Existing Benford's Law packages on PyPI are either basic (first-digit chi-square only), outdated, or unmaintained. **pybenford** implements the complete Nigrini forensic accounting workflow as described in *Benford's Law: Applications for Forensic Accounting, Auditing, and Fraud Detection* (Nigrini, 2012):

- **MAD conformity classification** with Nigrini's thresholds: close, acceptable, marginally acceptable, nonconformity
- **Distortion factor model** detecting overstatement vs. understatement
- **Second-order test** on differences of sorted values
- **Summation test** with uniform 1/90 expectation
- **Mantissa arc test** (Alexander, 2009) with L-squared statistic
- **Number duplication analysis**
- All standard digit tests: first, second, third, first-two, first-three, last-two
- Z-statistic with Fleiss continuity correction, chi-square, Kolmogorov-Smirnov
- Publication-quality matplotlib visualizations
- Pure NumPy internals — no pandas dependency, fast on large datasets

## Installation

```bash
pip install pybenford
```

## Quick Start

```python
from pybenford import BenfordAnalysis

# Load your data (list, numpy array, or pandas/polars Series)
data = [...]  # e.g., invoice amounts, population figures, financial values

# Create analysis object — cleaning happens automatically
analysis = BenfordAnalysis(data, sign_filter="positive", min_abs_value=10.0)

# View data profile (Nigrini Ch. 4)
print(analysis.profile)

# Run the first-digit test
result = analysis.first_digit()
print(f"MAD: {result.mad:.6f} ({result.mad_conformity})")
print(f"Chi-square: {result.chi_square:.2f} (significant: {result.chi_square_significant})")

# Run the first-two digits test (most useful for forensic work)
result = analysis.first_two_digits()

# Run all advanced tests
summation = analysis.summation()
second_order = analysis.second_order()
distortion = analysis.distortion_factor()
mantissa = analysis.mantissa_arc()
duplicates = analysis.number_duplication(top_n=20)
```

## Visualization

Every plot function returns `(Figure, Axes)` — no side effects, full control.

```python
from pybenford.visualization import plot_digit_test, plot_mantissa_arc

# Digit distribution with confidence bands
result = analysis.first_two_digits()
fig, ax = plot_digit_test(result, show_confidence=True)
fig.savefig("first_two_digits.png", dpi=150)

# Mantissa arc test
arc = analysis.mantissa_arc()
fig, ax = plot_mantissa_arc(arc, analysis.clean_data)

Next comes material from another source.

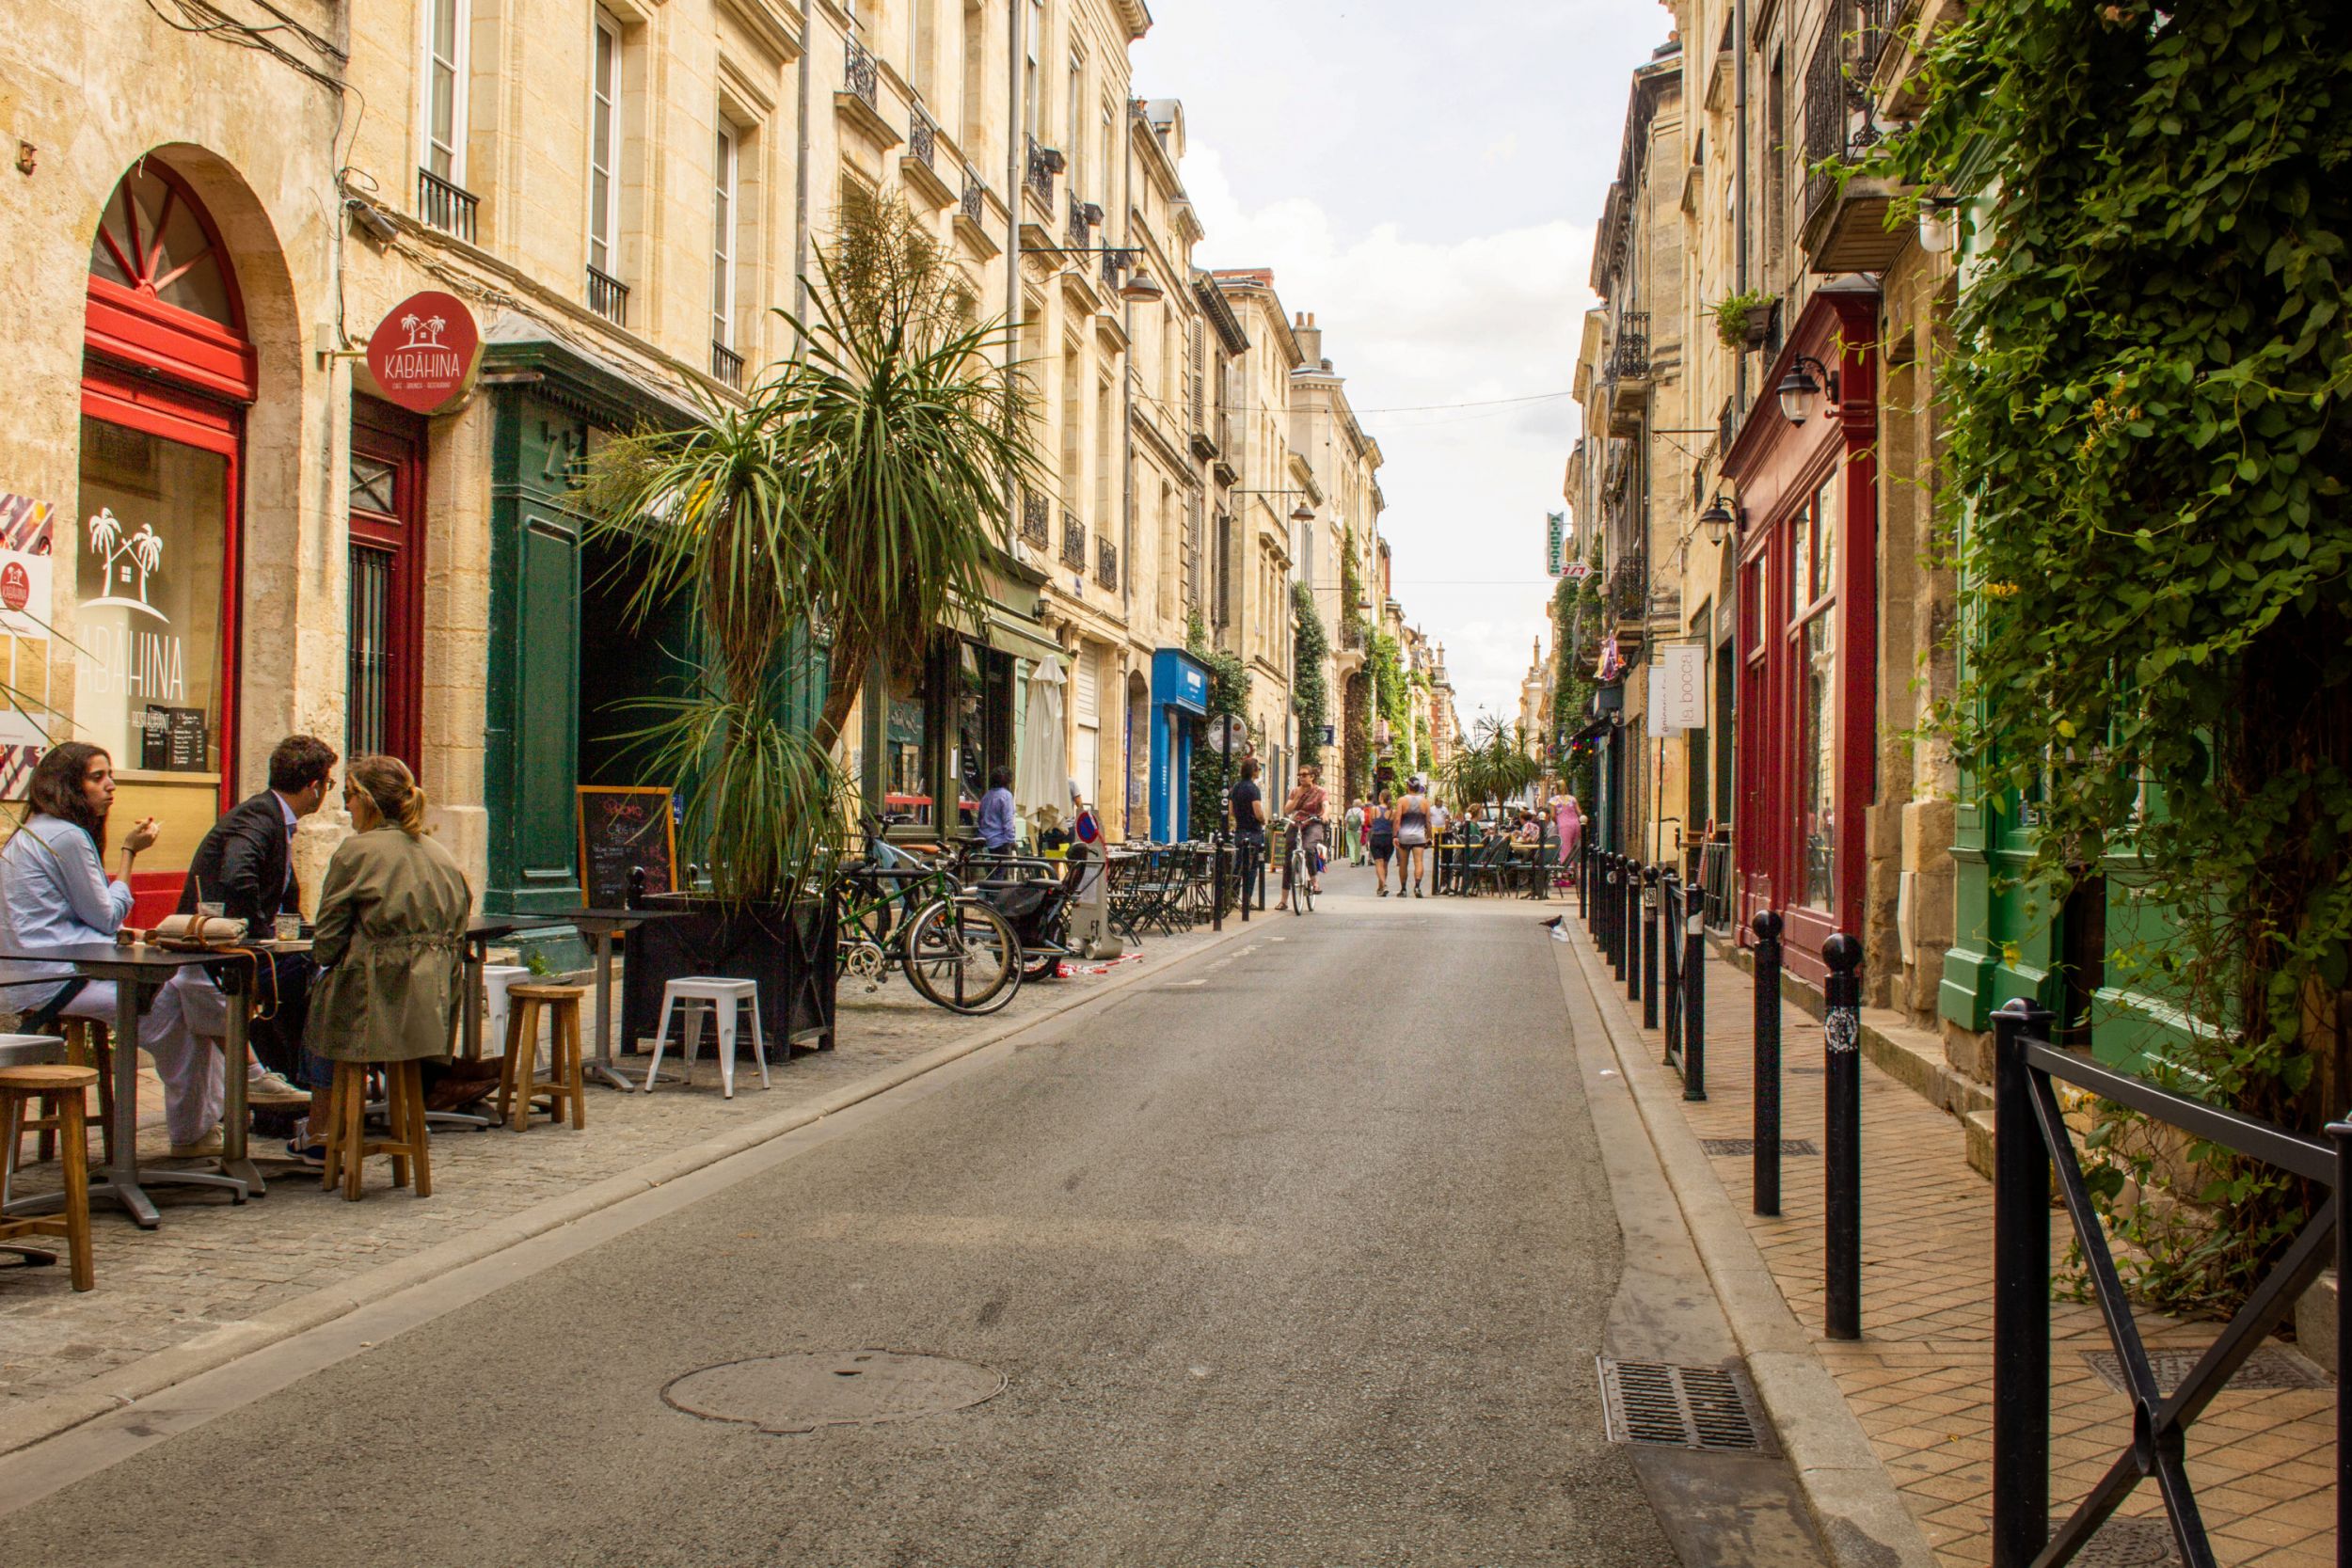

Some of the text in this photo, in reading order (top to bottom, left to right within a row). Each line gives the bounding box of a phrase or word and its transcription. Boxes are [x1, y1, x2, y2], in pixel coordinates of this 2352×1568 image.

# Z-scores with significance thresholds
from pybenford.visualization import plot_z_scores
fig, ax = plot_z_scores(result, critical_value=1.96)
```

## Available Tests

| Method | Description | Reference |
|--------|-------------|-----------|
| `first_digit()` | First significant digit (1-9) | Nigrini Ch. 5 |
| `second_digit()` | Second significant digit (0-9) | Nigrini Ch. 5 |
| `third_digit()` | Third significant digit (0-9) | Nigrini Ch. 5 |
| `first_two_digits()` | First two digits (10-99) | Nigrini Ch. 5 |
| `first_three_digits()` | First three digits (100-999) | Nigrini Ch. 5 |
| `last_two_digits()` | Last two digits (00-99), uniform expected | Nigrini Ch. 5 |
| `second_order()` | Digit test on sorted differences | Nigrini Ch. 6 |
| `summation()` | Sum proportions vs. uniform 1/90 | Nigrini Ch. 5 |
| `distortion_factor()` | Overstatement/understatement detection | Nigrini Ch. 6 |
| `mantissa_arc()` | Uniformity of mantissas on unit circle | Nigrini Ch. 7 |
| `number_duplication()` | Most frequently duplicated values | Nigrini Ch. 5 |

## Statistical Measures

Each digit test result includes:

- **Z-statistic** per digit bin (Fleiss continuity correction)
- **Chi-square** goodness-of-fit with critical value
- **Kolmogorov-Smirnov** statistic with critical value
- **MAD** (Mean Absolute Deviation) with Nigrini's conformity classification
- Per-bin significance flags at configurable alpha

## References

- Nigrini, M.J. (2012). *Benford's Law: Applications for Forensic Accounting, Auditing, and Fraud Detection*. Wiley.
- Miller, S.J. (2015). *Benford's Law: Theory and Applications*. Princeton University Press.
- Kossovsky, A.E. (2014). *Benford's Law: Theory, the General Law of Relative Quantities, and Forensic Fraud Detection Applications*. World Scientific.

## License

MIT License. See [LICENSE](LICENSE) for details.